The phrase "in the course of trade or business" means the regular conduct or pursuit of
a commercial or an economic activity, including transactions incidental thereto, by any
person regardless of whether or not the person engaged therein is a nonstock, nonprofit
private organization (irrespective of the disposition of its net income and whether or not
it sells exclusively to members or their guests), or government entity.
The rule of regularity, to the contrary notwithstanding, services as defined in this Code
rendered in the Philippines by nonresident foreign persons shall be considered as being
rendered in the course of trade or business. (Emphases supplied).
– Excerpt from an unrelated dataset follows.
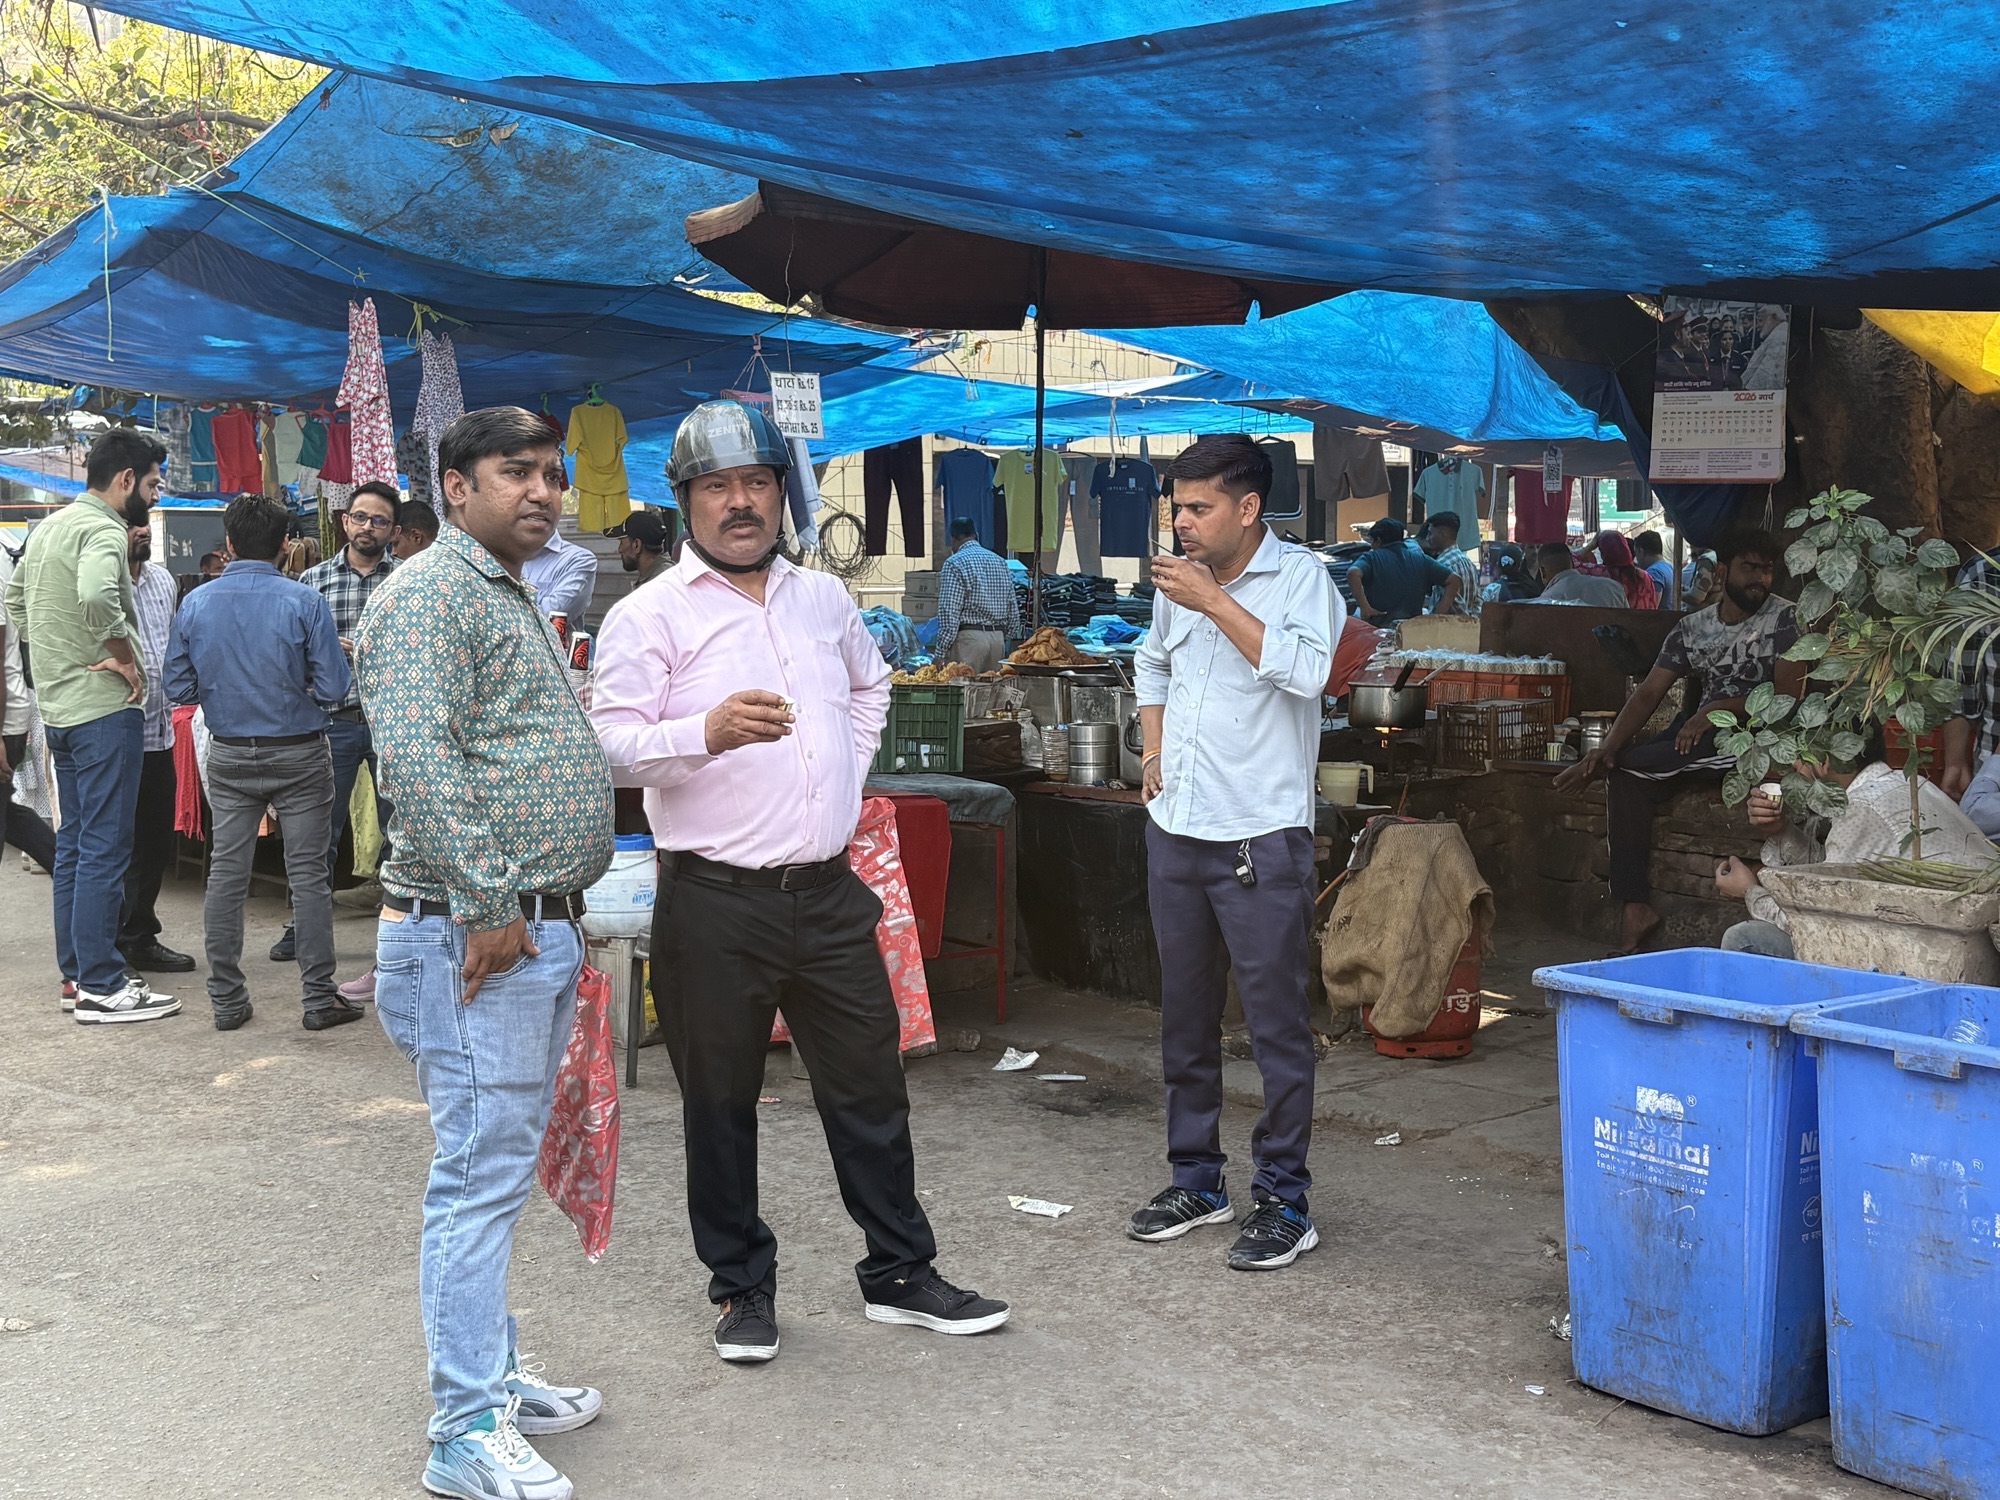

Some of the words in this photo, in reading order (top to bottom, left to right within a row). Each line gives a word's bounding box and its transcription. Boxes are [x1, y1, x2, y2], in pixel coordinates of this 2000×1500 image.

[807, 378, 815, 390] 15
[1733, 392, 1757, 402] 2026
[1758, 392, 1776, 401] मार्च
As ANPC aptly pointed out, membership fees, assessment dues, and the like are not
subject to VAT because in collecting such fees, the club is not selling its service to the
members. Conversely, the members are not buying services from the club when dues
are paid; hence, there is no economic or commercial activity to speak of as these dues
are devoted for the operations/maintenance of the facilities of the organization.64 As
such, there could be no "sale, barter or exchange of goods or properties, or sale of a
service" to speak of, which would then be subject to VAT under the 1997 NIRC.